Propagande pour le meilleur des mondes (brochure -3.5/4)
3.5- parenthèse méthodologique
Si la femme comprend dans son identité « donne la vie » (et comment ferait-elle autrement ?), elle ne peut être reconnue comme individu, car une partie de sa personne se rattache à l’espèce. Une partie d’elle ne la contient donc pas elle mais l’espèce. Cette félûre dans le concept d’individu n’est pas l’exception de la femme. Si l’on en croit le père Lacan, le phallus appartient aux femmes en tant que ce sont elles qui le possèdent, que l’objet leur est au moins fantasmatiquement acquis (ce que l’on entend très bien dans une locution courante : « c’est le kiki à sa mémère » que kiki désigne un chien ne constituant là qu’une limpide fétichisation). A quoi on peut relier qu’on reconnaît chez les hommes une bienveillance analogue à celle manifestée par les femmes pour la maternité, mais dévolue cette fois au désir continu et à peine insistant de donner aux femmes ce gentil phallus qu’elles chérissent tant. Cette bienveillance des hommes à l’égard des femmes se nomme la maladie du clébard (à paraître). Elle fait la preuve que l’homme n’est pas non plus admissible pleinement au statut d’individu. L »individu homme montre sa défaillance : une partie de lui relève de la femme (parce qu’il ne fait aucun doute en revanche que le vagin appartient à la femme, ce qui se remarque par sa fâcheuse tendance à le garder pour elle). Toutefois qu’un individu (homme) relève d’un autre (la femme) ne définit pas une déformation de l’individu équivalente à celle qui fait dépendre un individu d’une espèce. Il est beaucoup plus simple de changer de femme que d’espèce. On trompe sa copine mais on trahit son clan.
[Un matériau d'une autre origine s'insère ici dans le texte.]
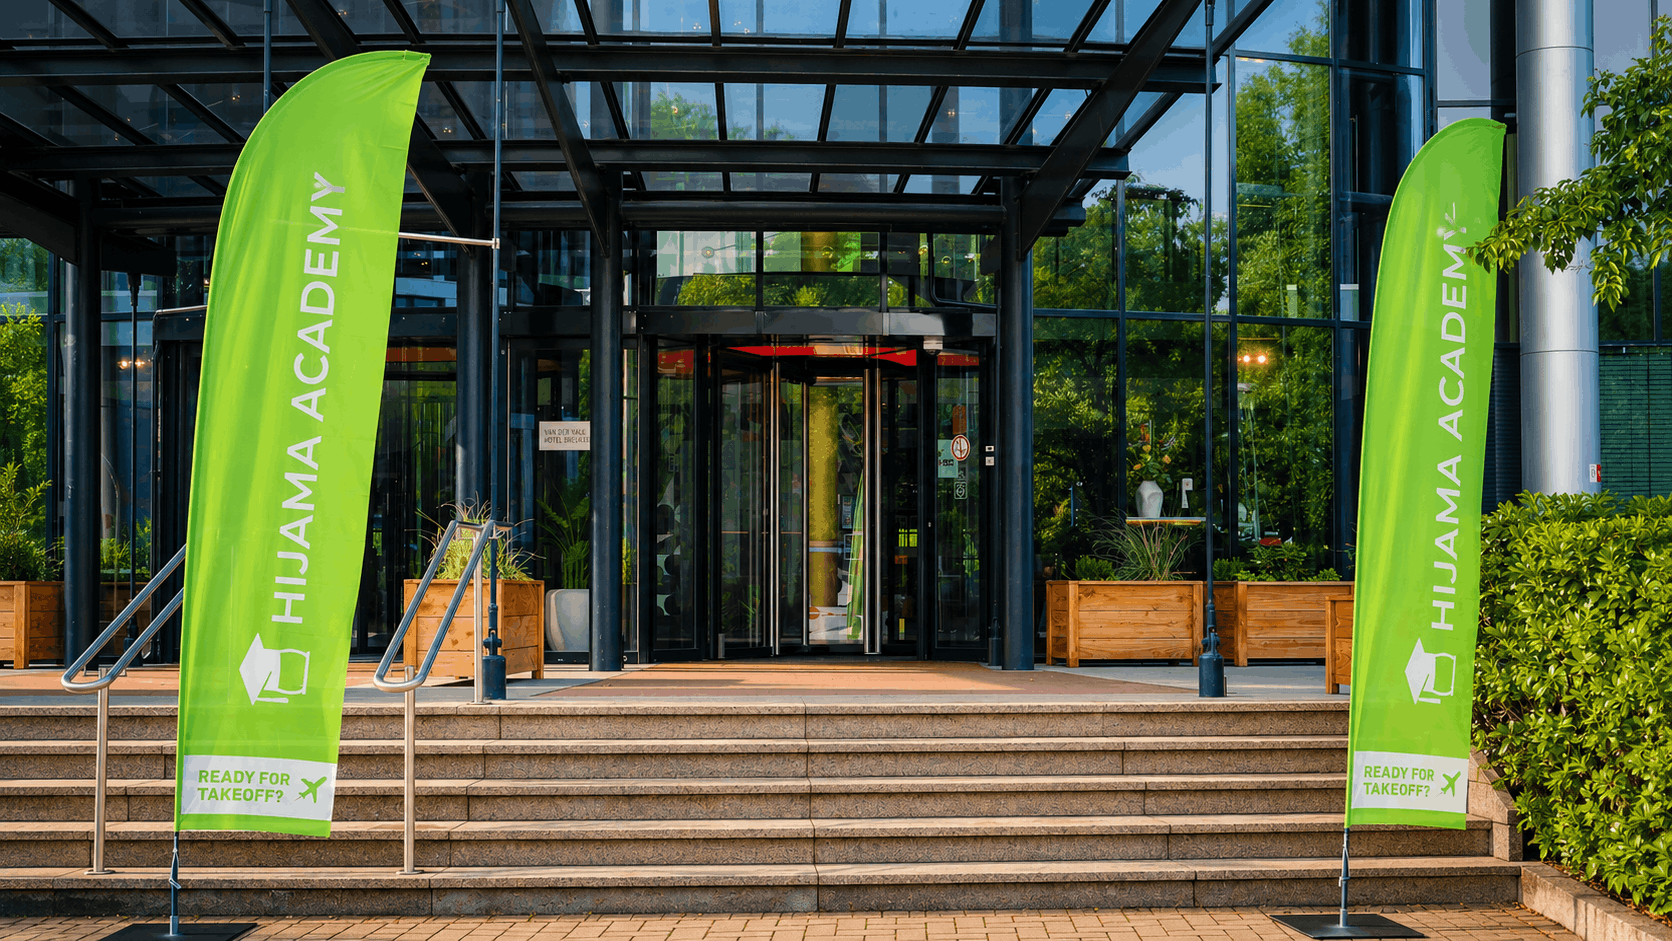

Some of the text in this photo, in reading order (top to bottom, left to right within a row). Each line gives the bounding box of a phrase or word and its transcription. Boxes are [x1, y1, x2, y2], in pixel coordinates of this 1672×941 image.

Raison pour laquelle, nous avons réservé notre attention aux femmes, car notre objectif, s’il vous plaît de vous en rappeler est l’élévation du meilleur des mondes, or ce monde entretient par nature une relation avec l’espèce, de sorte que la femme apparaît dans son évidence comme le centre de notre quête. Femme que je prends soin d’interroger dans l’ouvertude de son D a s e i n, non pas simplement dans l’espoir de voir Martin Heiddeger se retourner dans sa tombe faisant ainsi la preuve de mes pouvoirs d’ultragourou, mais pour dégager hors de tout mythe ce qu’est l’individu femme.
Cela dit pour ne laisser aucun doute sur la rigoureuse méthode de cette recherche et mieux vous préparer à ce qui suit.